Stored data
=====

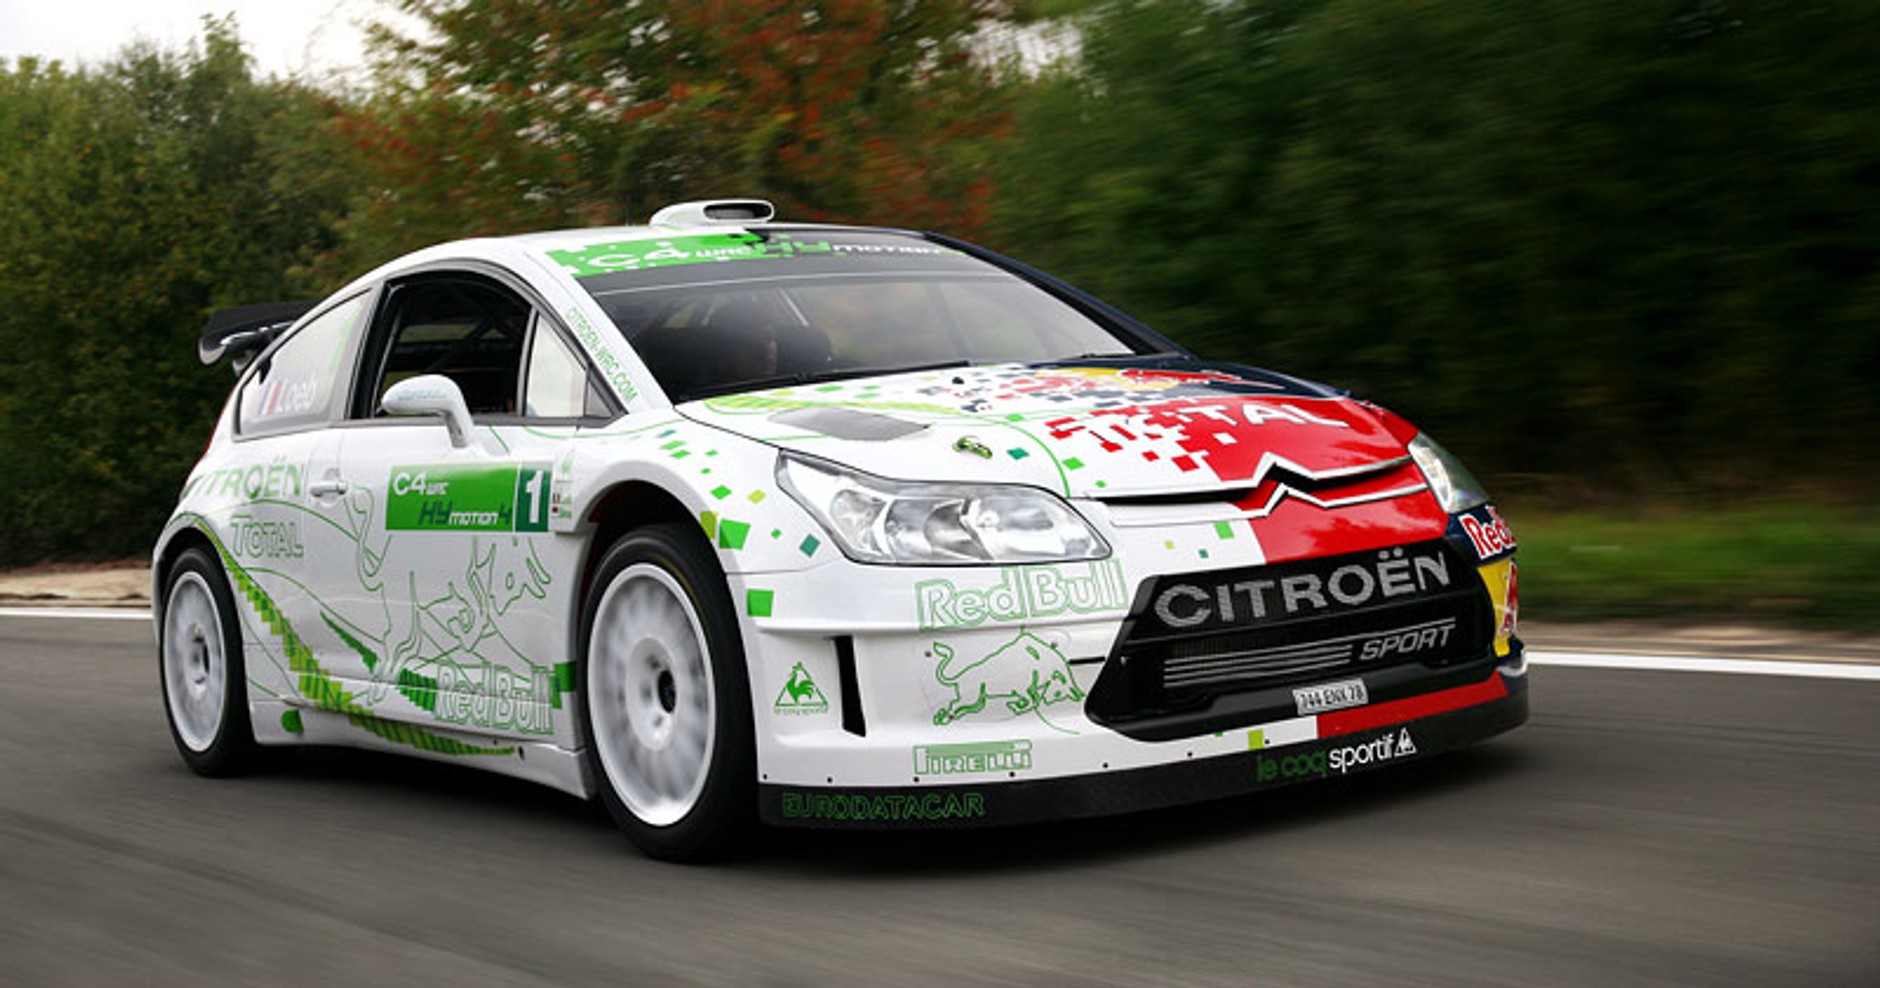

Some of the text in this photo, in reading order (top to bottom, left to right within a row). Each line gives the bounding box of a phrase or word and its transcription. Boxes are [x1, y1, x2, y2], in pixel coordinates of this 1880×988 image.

[392, 472, 427, 496] C4
[526, 470, 543, 524] 1
[229, 513, 304, 558] TOTAL
[1458, 504, 1517, 561] Red
[914, 557, 1131, 632] Red Bull
[1154, 547, 1451, 629] CITROËN
[1359, 621, 1456, 661] SPORT
[914, 740, 1033, 775] PIRELLI
[1256, 733, 1395, 782] le coq sportif
[782, 792, 985, 820] EURODATACAR
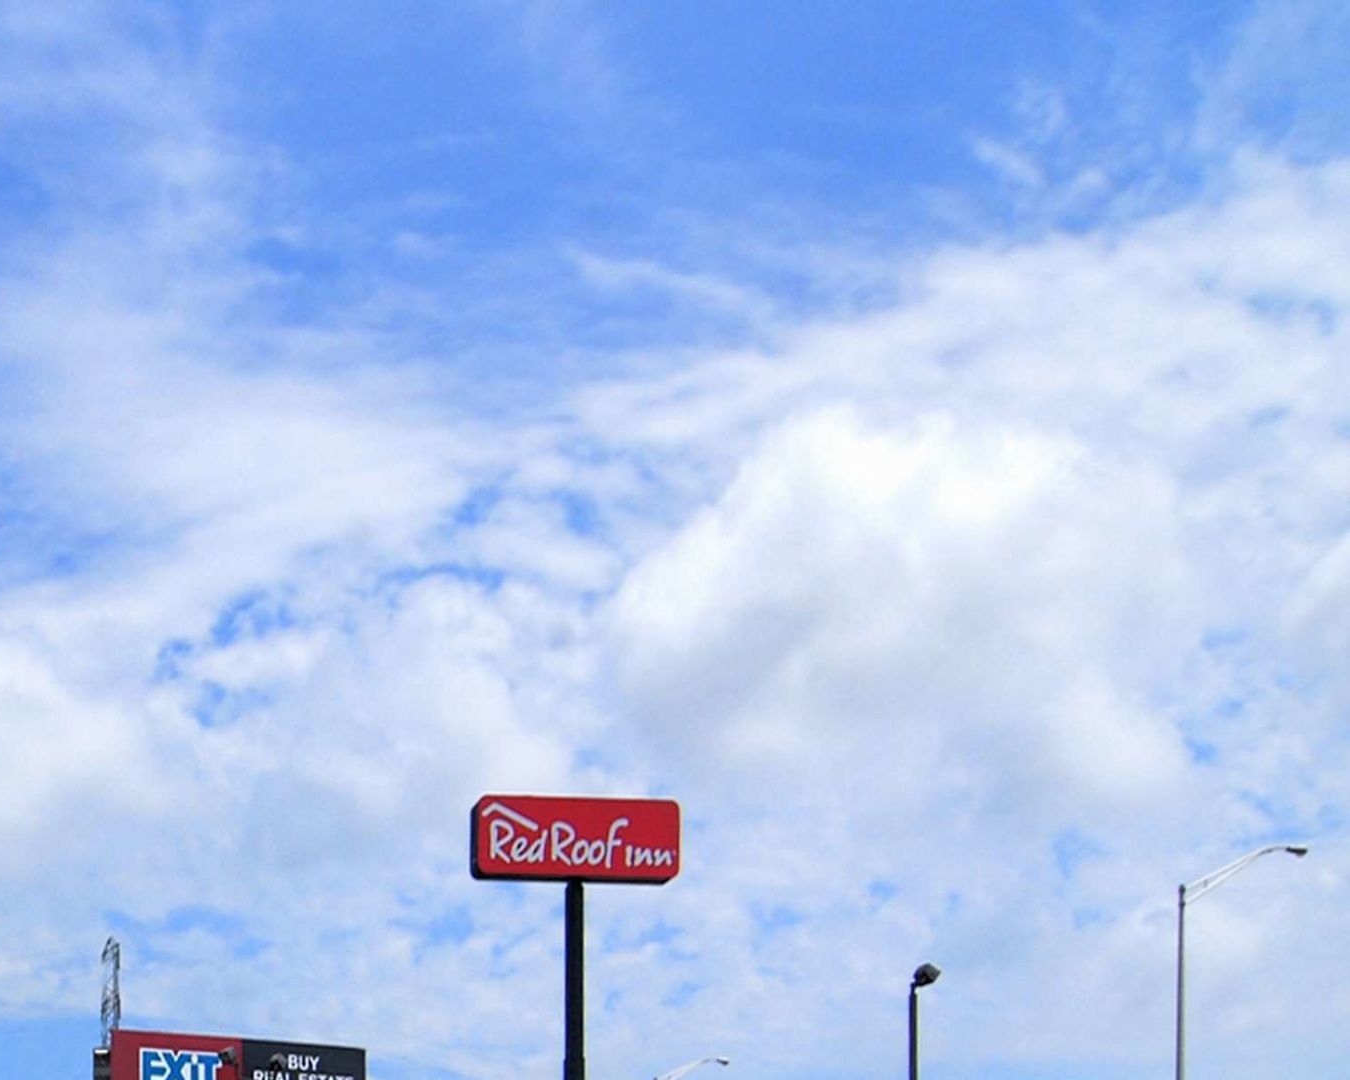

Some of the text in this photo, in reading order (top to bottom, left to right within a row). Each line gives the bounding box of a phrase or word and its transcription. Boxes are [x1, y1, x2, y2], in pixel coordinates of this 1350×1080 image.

[489, 818, 549, 864] Red
[551, 816, 629, 869] Roof
[288, 1053, 319, 1071] BUY
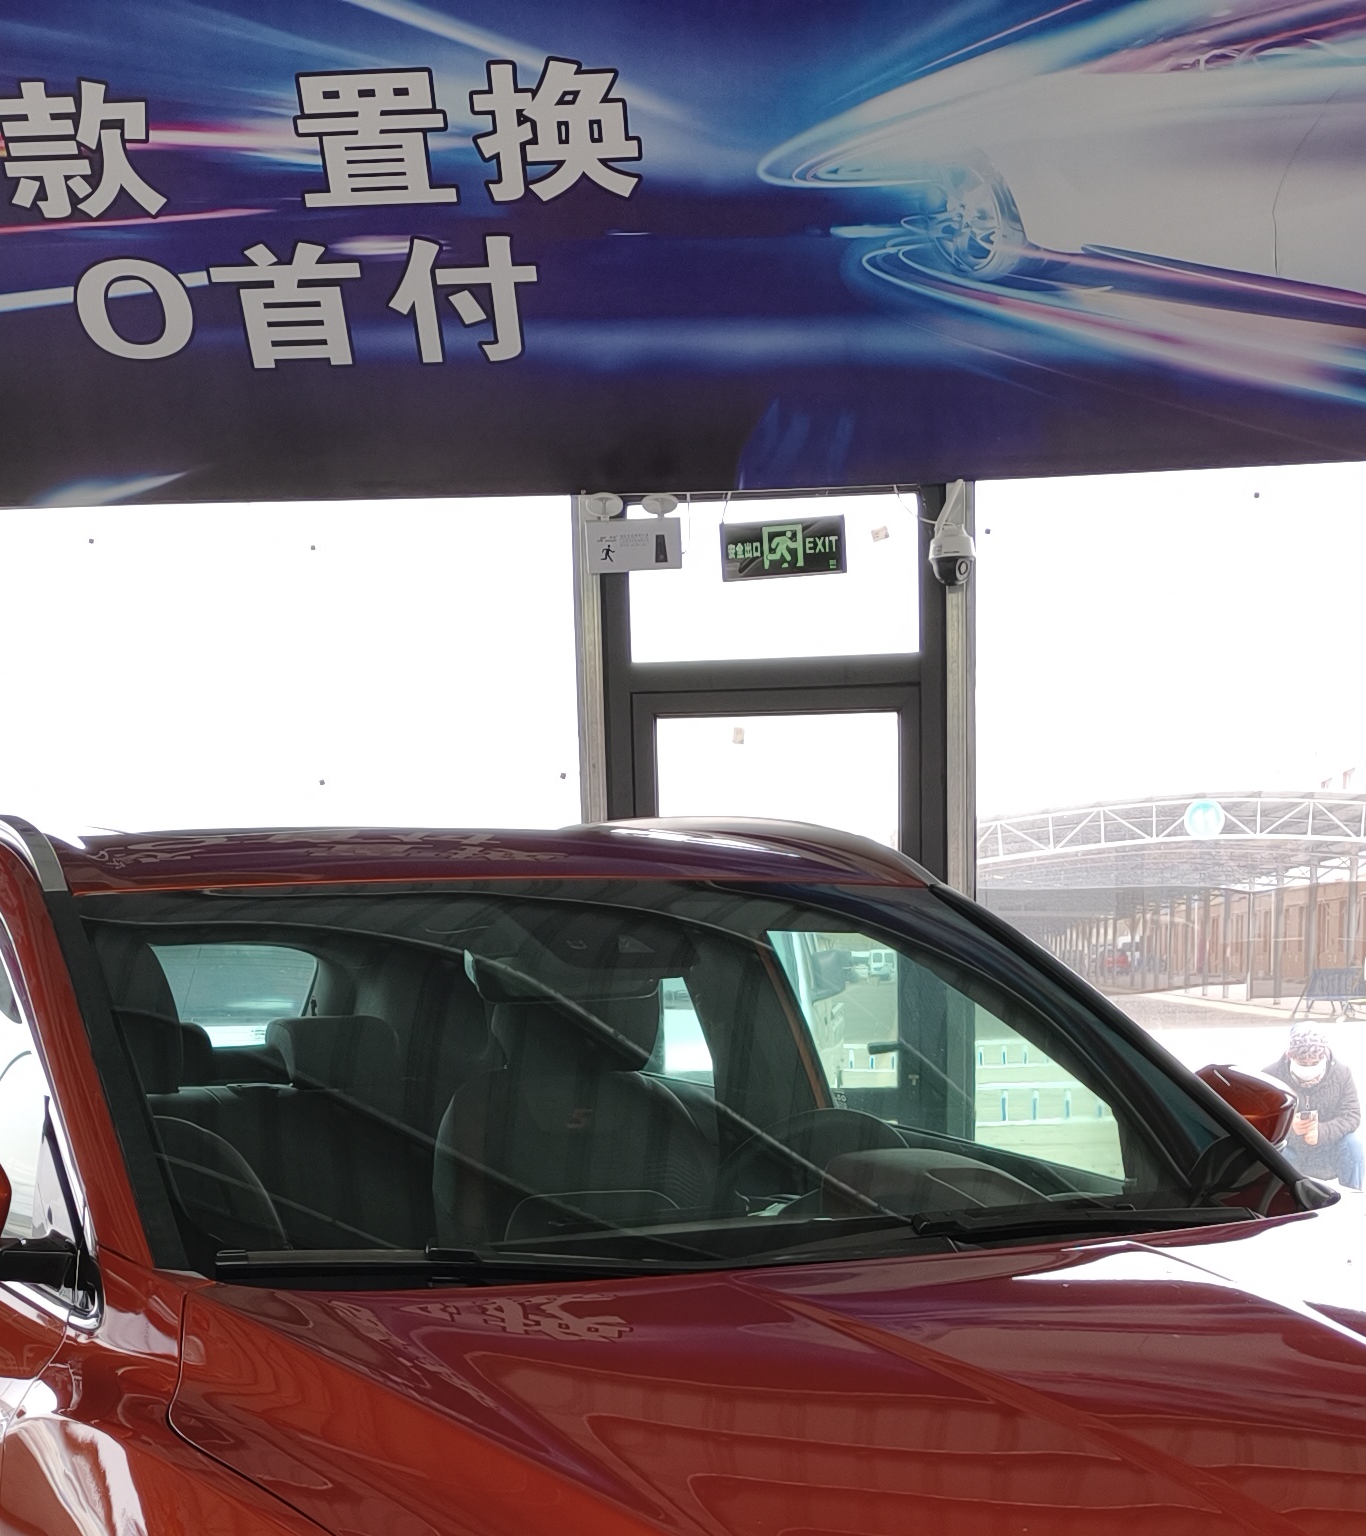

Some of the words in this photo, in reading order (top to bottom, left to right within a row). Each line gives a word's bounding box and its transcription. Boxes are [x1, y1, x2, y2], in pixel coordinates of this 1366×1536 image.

[294, 56, 642, 210] 置换
[727, 541, 761, 560] 安全出口
[805, 535, 839, 554] EXIT

=====

▶ **EXERCISE DESCRIPTION**
Exclude the images, then output the data above word for word.

▶ **TASK OUTPUT**
Some of the text in this photo, in reading order (top to bottom, left to right within a row). Each line gives the bounding box of a phrase or word and its transcription. Boxes are [x1, y1, x2, y2], in pixel coordinates of this 1880×988 image.

[392, 472, 427, 496] C4
[526, 470, 543, 524] 1
[229, 513, 304, 558] TOTAL
[1458, 504, 1517, 561] Red
[914, 557, 1131, 632] Red Bull
[1154, 547, 1451, 629] CITROËN
[1359, 621, 1456, 661] SPORT
[914, 740, 1033, 775] PIRELLI
[1256, 733, 1395, 782] le coq sportif
[782, 792, 985, 820] EURODATACAR

Some of the text in this photo, in reading order (top to bottom, left to right within a row). Each line gives the bounding box of a phrase or word and its transcription. Boxes are [x1, y1, x2, y2], in pixel coordinates of this 1350×1080 image.

[489, 818, 549, 864] Red
[551, 816, 629, 869] Roof
[288, 1053, 319, 1071] BUY

Some of the words in this photo, in reading order (top to bottom, left to right within a row). Each line gives a word's bounding box and its transcription. Boxes are [x1, y1, x2, y2], in pixel coordinates of this 1366×1536 image.

[294, 56, 642, 210] 置换
[727, 541, 761, 560] 安全出口
[805, 535, 839, 554] EXIT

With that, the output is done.